一次读取更大的缓冲区。 fgetc() 用于一次读取一个字节，这是您可以读取的最小数量，因此您正在最大化读取文件所需的步骤数。每个读取操作都有一些开销。（每个 fgetc 调用不一定会导致实际从磁盘读取——在幕后发生了一些缓存和预读。）因此您进行的调用越少，程序处理相同内容的次数就越少数据量。

从技术上讲，大批量读取不会降低“时间复杂度”。就文件大小而言，它仍然大致呈线性关系，因此它属于同一类别的复杂性。它只会快很多，这才是您真正关心的。
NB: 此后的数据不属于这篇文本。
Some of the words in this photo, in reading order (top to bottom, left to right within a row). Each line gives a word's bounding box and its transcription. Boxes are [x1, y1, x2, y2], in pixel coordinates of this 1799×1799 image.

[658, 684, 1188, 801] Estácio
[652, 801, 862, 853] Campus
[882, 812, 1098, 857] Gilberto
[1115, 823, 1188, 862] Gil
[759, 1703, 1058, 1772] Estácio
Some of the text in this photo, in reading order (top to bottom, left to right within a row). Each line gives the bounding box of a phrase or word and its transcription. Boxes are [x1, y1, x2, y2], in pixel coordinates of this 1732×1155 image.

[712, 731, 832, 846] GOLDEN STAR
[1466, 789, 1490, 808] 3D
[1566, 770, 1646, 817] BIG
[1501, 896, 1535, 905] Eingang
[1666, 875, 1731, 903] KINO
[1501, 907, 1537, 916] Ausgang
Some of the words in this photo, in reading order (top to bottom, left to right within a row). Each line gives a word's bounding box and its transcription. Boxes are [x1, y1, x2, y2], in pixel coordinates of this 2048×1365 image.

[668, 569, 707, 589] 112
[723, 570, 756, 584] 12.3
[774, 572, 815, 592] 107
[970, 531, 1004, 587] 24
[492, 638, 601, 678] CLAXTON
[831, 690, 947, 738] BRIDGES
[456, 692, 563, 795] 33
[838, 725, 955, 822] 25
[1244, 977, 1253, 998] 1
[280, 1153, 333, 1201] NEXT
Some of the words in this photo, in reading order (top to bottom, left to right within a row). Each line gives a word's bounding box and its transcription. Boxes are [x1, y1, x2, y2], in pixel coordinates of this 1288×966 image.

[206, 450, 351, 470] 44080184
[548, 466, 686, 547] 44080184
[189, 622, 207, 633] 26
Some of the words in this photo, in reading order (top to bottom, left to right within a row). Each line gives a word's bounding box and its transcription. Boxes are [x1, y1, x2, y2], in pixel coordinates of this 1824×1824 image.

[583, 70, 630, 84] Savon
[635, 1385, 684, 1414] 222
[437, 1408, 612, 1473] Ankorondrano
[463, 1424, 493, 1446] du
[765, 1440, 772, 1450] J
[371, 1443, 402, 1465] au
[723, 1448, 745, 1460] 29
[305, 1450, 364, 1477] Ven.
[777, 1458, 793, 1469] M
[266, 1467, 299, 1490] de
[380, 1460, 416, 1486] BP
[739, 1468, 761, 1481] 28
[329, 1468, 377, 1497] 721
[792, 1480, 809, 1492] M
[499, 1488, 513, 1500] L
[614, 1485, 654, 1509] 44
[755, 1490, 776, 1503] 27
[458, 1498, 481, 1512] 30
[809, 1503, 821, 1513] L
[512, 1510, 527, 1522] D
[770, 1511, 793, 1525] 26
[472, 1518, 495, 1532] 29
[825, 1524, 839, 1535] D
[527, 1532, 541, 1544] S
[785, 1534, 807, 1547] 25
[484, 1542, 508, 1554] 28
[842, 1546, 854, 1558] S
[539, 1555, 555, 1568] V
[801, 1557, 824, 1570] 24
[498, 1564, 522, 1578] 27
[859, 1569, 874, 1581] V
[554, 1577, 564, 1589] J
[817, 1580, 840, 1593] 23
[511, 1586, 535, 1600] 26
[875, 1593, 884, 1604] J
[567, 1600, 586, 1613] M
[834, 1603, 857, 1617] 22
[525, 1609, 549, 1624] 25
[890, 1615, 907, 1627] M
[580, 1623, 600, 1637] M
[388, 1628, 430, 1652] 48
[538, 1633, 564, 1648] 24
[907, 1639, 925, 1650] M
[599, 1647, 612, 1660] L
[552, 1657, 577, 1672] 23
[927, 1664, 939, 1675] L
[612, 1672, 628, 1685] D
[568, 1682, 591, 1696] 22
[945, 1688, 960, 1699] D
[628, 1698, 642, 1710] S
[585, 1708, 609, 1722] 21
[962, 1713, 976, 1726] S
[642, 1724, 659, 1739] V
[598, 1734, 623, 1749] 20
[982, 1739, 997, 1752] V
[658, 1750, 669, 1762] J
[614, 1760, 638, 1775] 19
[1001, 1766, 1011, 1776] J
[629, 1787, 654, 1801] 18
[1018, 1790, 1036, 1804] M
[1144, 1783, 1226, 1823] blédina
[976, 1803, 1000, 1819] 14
此外，我知道您只是为了提问而展示了简短的示例代码，但您正在使用不安全的 scanf() 调用读取固定大小的缓冲区“word”和“name”。由于单词只有 25 个字节长，如果用户输入 26 个字符长的单词，他们可能会崩溃或利用您的程序。

Answer 2

您的程序也可能受到某种形式的 I/O 放大，它一遍又一遍地重新读取相同的数据。

这是您的主要文件读取循环：

n=fgetc(fptr);
while((feof(fptr)==0)){
    if(n==toupper(word[i])||n==tolower(word[i])){
        count++;
        i++;
    }
    else if(n!=word[i]){
        if(count>1){
            fseek(fptr, -count, SEEK_CUR);
        }
        count=0;
        i=0;
    }
    if(count==l){
        total++;
        count=0;
        i=0;
    }
    n=fgetc(fptr);
}

将其减少到仅 I/O 个调用：

n=fgetc(fptr);
while((feof(fptr)==0)){
    if(n!=word[i]){
        if(count>1){
            fseek(fptr, -count, SEEK_CUR);
        }
        count=0;
        i=0;
    }

    n=fgetc(fptr);
}

发生了什么：

您以只读模式打开文件
由于文件是缓冲的，当您第一次调用 fgetc() 时，您的程序实际上是从文件的当前偏移量 读取文件并填满其缓冲区 。这意味着您的程序可以立即读取多达几 kB（通常为 4kB 或 8kB，具体取决于您的系统）。
您的程序循环调用 fgetc()，每个 return 一个 char 值（保存在 int 中）到您的代码。大多数时候，char 只是从与 fptr 关联的缓冲区中复制而来。
您的程序调用 fseek()。该调用 使缓冲数据无效 。
在您下次调用 fgetc() 时，您的程序 再次填满其缓冲区，大部分时间重新读取已读取的数据。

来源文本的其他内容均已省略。